The way to success is changing the way you view failure

It's time we find the courage to be imperfect.

We have an epidemic on our hands. Womankind is plagued by the not-good-enough bug. It eats away at our self-worth by making us believe we should be more perfect than we are, as perfect as we perceive others to be. And the insidious byproduct of this particular perfection-seeking bug is complete paralysis. When we avoid imperfection, we avoid risk—the risk of taking a shot, the risk of putting ourselves out there, the risk of making a mistake, the risk of being seen as anything less than ideal. 

Let me be blunt. The casualty of perfection-seeking is courage. And that's a big problem—for us and for future generations.

A good chunk of my day is spent talking to young girls about perfection. They stalk social media sites, comparing their own "pitiful existences" to the "perfect" world they see on their five-inch screens. Now, I'm not against social media, but when teens score their self-worth based on "likes," I've got an issue with that, especially when what earns those likes is what I call phantom perfection—an up-lit, highly edited sliver of life that's more reality show than reality. And more often than I'd like, that reality show becomes a drama and even a tragedy.

Teen girls aren't alone in this unhealthy habit of comparing, well, you name it: bodies, boyfriends, social successes. Nor are they unique in weighing their worth on a scale that has only two settings: zero and perfect. Based on that kind of measure, we're doomed to fail because, compared to the shiny image of others we hold in our heads, we always come up lacking. We rack up our failings like they're Air Miles, and where we land is complete discouragement.
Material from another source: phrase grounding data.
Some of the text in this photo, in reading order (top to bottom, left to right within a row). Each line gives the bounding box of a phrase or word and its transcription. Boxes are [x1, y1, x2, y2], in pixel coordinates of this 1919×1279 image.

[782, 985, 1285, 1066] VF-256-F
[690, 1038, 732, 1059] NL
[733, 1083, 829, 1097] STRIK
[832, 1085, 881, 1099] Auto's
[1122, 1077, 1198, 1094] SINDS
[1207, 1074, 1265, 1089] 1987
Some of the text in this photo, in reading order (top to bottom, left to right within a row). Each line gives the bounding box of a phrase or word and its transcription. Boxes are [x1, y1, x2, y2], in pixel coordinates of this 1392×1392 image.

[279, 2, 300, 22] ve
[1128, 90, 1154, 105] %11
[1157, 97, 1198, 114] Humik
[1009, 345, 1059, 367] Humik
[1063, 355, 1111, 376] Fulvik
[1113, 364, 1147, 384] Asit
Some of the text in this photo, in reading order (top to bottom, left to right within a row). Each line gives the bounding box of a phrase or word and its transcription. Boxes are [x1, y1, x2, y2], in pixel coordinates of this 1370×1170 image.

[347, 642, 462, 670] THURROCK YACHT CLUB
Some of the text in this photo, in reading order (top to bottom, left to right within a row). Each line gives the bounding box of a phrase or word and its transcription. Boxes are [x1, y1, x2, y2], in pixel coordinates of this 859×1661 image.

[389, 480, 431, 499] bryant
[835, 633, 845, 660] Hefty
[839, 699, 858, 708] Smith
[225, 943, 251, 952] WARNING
Reshma Saujani, founder of the American nonprofit organization Girls Who Code, dedicated to closing the gender gap in technology, noticed that in coding classes, girls who ran up against a roadblock would hit the delete button and quit—a blank screen was better than an imperfect product. Saujani points out that when boys make a mistake, they believe something is wrong with their code; but when girls make an error, they believe something is wrong with them. This faulty thinking is consistent with what a decade of research on shame has revealed. Shame is a little voice that says, "When I get something wrong, it's because I'm wrong. When my product is defective, it's because I'm defective."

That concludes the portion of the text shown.